===== DATASET ENTRIES =====
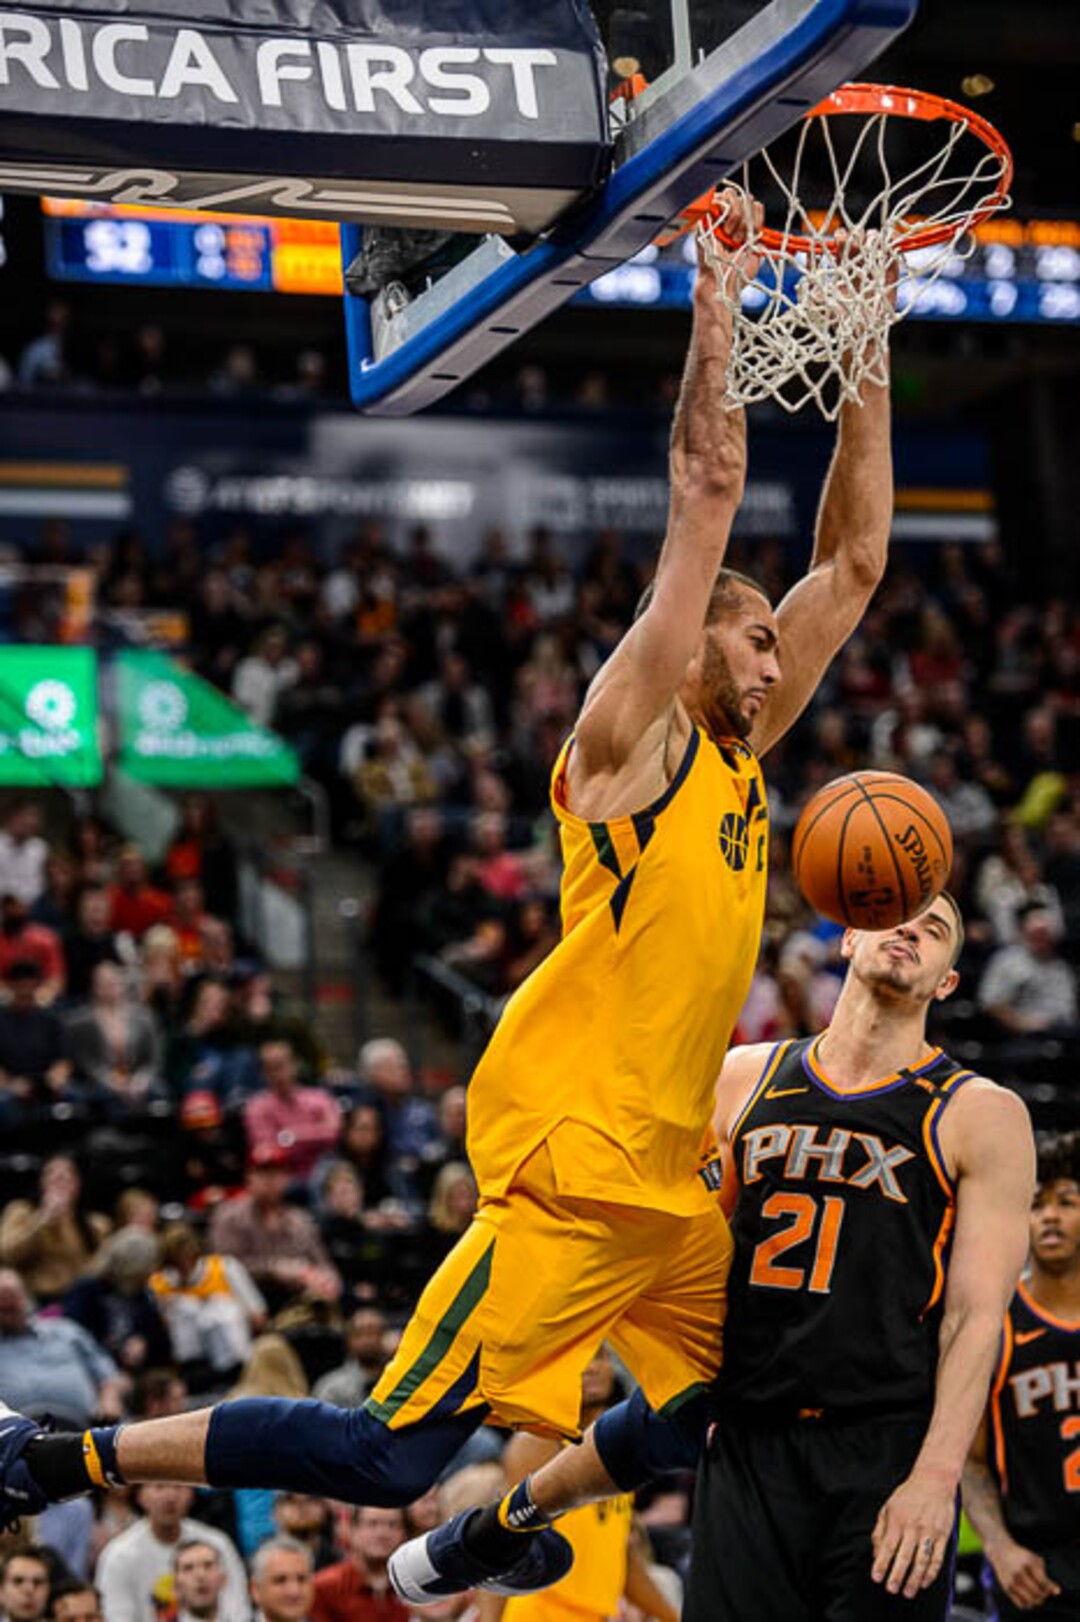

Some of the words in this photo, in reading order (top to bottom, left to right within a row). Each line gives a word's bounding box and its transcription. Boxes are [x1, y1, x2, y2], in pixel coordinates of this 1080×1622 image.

[0, 12, 240, 103] RICA
[255, 38, 557, 119] FIRST
[894, 824, 934, 897] SPALD
[741, 1123, 916, 1204] PHX
[749, 1190, 845, 1294] 21
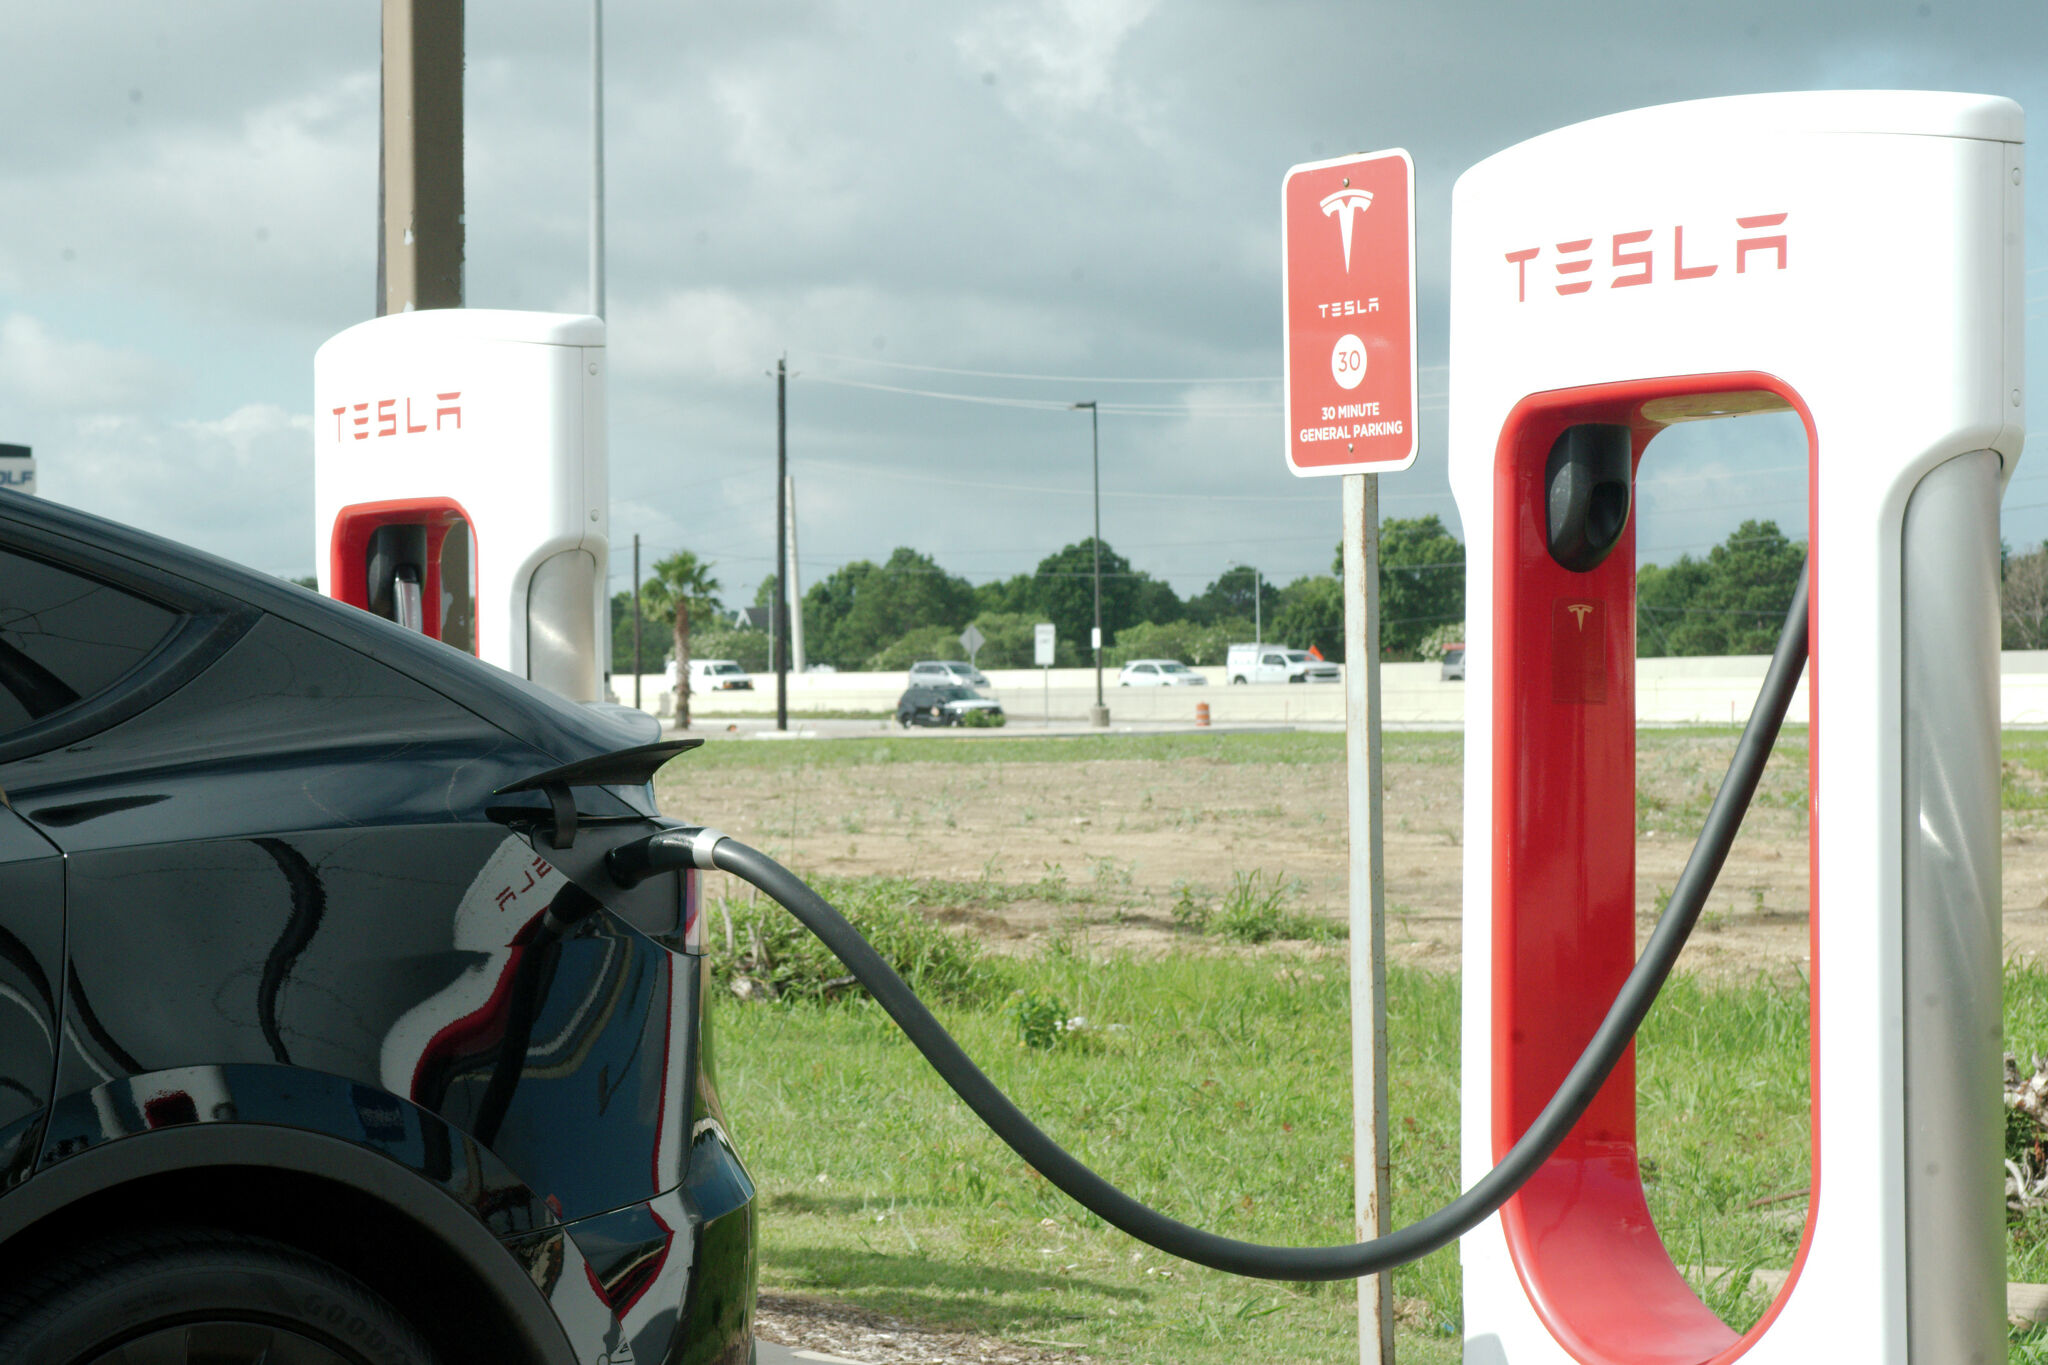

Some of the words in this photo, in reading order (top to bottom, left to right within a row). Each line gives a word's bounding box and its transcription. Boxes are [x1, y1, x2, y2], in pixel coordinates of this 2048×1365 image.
=====
_WORK TO BE COMPLETED_. Transcribe all entries above exactly. Drop the pictures.

_REPLY_.
Some of the words in this photo, in reading order (top to bottom, left to right within a row). Each line gives a word's bounding box and its transcription. Boxes are [x1, y1, x2, y2], in pixel coordinates of this 1080×1622 image.

[0, 12, 240, 103] RICA
[255, 38, 557, 119] FIRST
[894, 824, 934, 897] SPALD
[741, 1123, 916, 1204] PHX
[749, 1190, 845, 1294] 21

Some of the words in this photo, in reading order (top to bottom, left to right within a row). Each line gives a word's bounding box and its transcription. Boxes are [x1, y1, x2, y2], in pixel coordinates of this 2048×1365 image.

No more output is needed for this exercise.